In an effort to promote environmental awareness and sustainability on campus, GEO and Nature Walk Club wanted to communicate a message to students that was both informative and aesthetically pleasing. The project came just in time for the celebration of Earth Week.

Members of both organizations creatively covered the wall below the gazebo near the College Union in fuzzy green moss that read “Geneseo,” surrounded by drawings of sprouting trees and plants.

The idea began with GEO President senior Jennifer Benson, who coordinated the moss art event.

“It grew out of a casual conversation,” Benson said. “It was a pretty fun process to go through.”

The moss was intended to remain on the wall for a week in order for it to really grow, but unfortunately lasted only four days between April 12 and 16, due to upcoming events in the Union.

“They wanted it washed off before it got really well-established, before we could have a larger event centered around it,” Benson said.

EcoHouse Hall Council President sophomore Jason Phillips was also involved with the project and the process behind it.

“First we chalk out the design on the wall, but the actual paste itself is made of moss, yogurt, corn syrup and some food coloring … put that all in a blender and it makes a paste,” Phillips said. “It works really well because the moss just eats up all the natural bacteria.”

The concept is meant for a really long wall to show the progression of the use of energy with moss as you’re walking.

“At the beginning when you first start to make energy, you see wood, oil, coal … leading to bad energy.
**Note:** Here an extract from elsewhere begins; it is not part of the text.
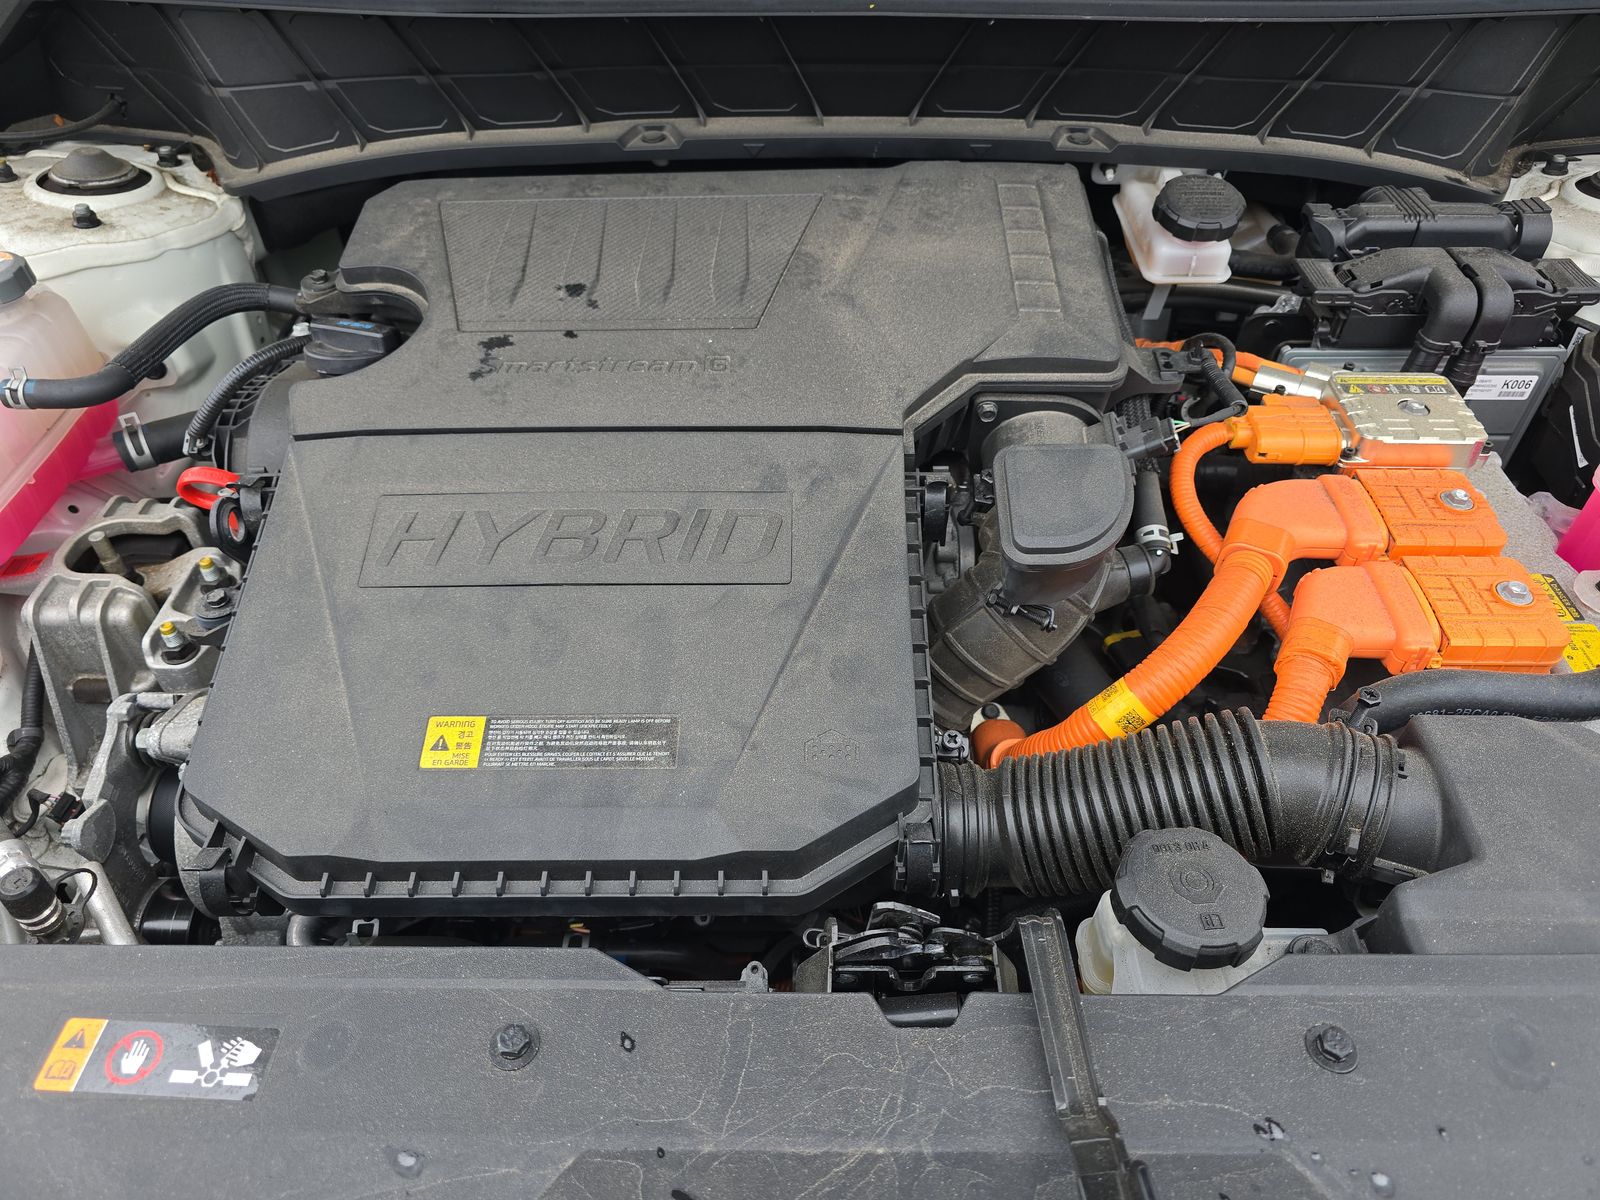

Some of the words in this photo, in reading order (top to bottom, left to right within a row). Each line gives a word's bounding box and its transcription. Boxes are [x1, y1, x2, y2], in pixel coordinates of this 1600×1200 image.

[479, 356, 698, 375] Smartstream
[1501, 379, 1532, 389] K006
[376, 507, 785, 567] HYBRID
Then it reaches the end of the mural, where you get more sustainable energy. It sends a message about how we should use and obtain our energy by supporting the continued use of fossil fuels and push towards renewables,” Phillips said.

In the future, GEO plans to collaborate with more organizations on campus such as Outing Club, to continue the murals in the upcoming fall and spring, when the moss can actually stay and grow.

It might not just be walls; next time, this green art might appear in some surprising locations.

“Wherever we can get permission. It’s not a destructive piece at all,” Phillips said.